Restate all of the following data exactly, keeping any images out of the copy.

• • • • • • •

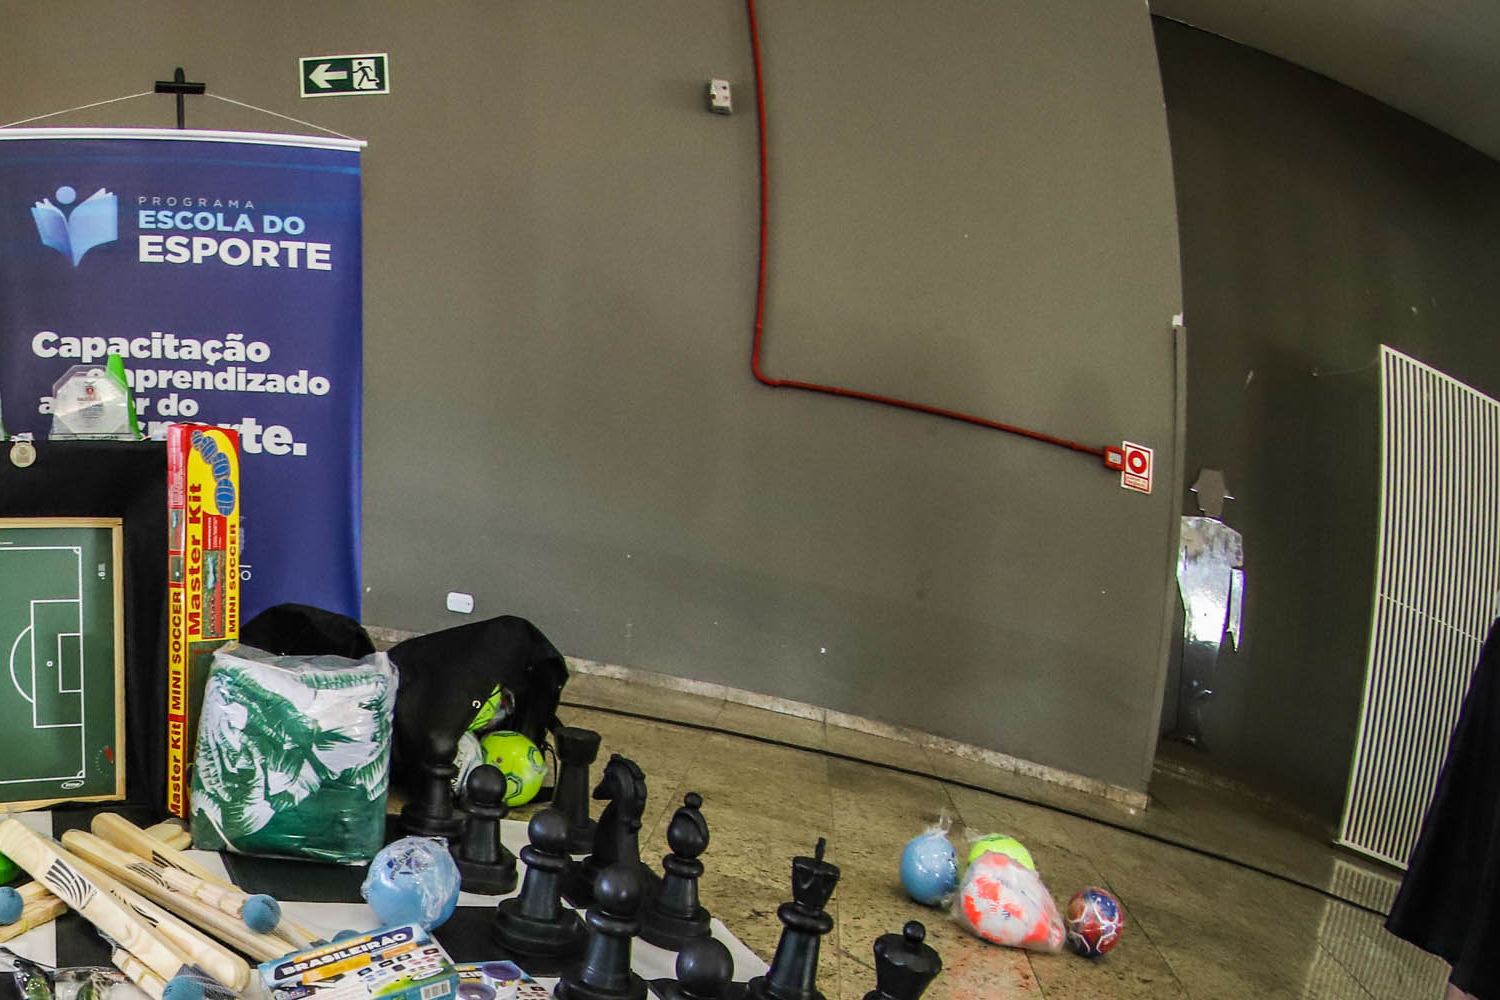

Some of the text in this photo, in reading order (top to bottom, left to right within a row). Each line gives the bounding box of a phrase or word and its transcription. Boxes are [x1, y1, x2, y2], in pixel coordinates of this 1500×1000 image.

[138, 196, 255, 209] PROGRAMA
[138, 209, 306, 235] ESCOLA DO
[138, 235, 332, 271] ESPORTE
[32, 331, 271, 366] Capacitação
[127, 367, 331, 396] prendizado
[157, 393, 199, 417] do
[188, 482, 202, 636] Master Kit
[229, 523, 237, 633] MINI SOCCER
[172, 591, 182, 711] MINI SOCCER
[170, 723, 182, 817] Master Kit
[281, 932, 408, 976] BRASILEIRÃO

• • • • • • •

# ANSWER SPACE:
Some of the text in this photo, in reading order (top to bottom, left to right within a row). Each line gives the bounding box of a phrase or word and its transcription. Boxes are [x1, y1, x2, y2], in pixel coordinates of this 1500×1000 image.

[138, 196, 255, 209] PROGRAMA
[138, 209, 306, 235] ESCOLA DO
[138, 235, 332, 271] ESPORTE
[32, 331, 271, 366] Capacitação
[127, 367, 331, 396] prendizado
[157, 393, 199, 417] do
[188, 482, 202, 636] Master Kit
[229, 523, 237, 633] MINI SOCCER
[172, 591, 182, 711] MINI SOCCER
[170, 723, 182, 817] Master Kit
[281, 932, 408, 976] BRASILEIRÃO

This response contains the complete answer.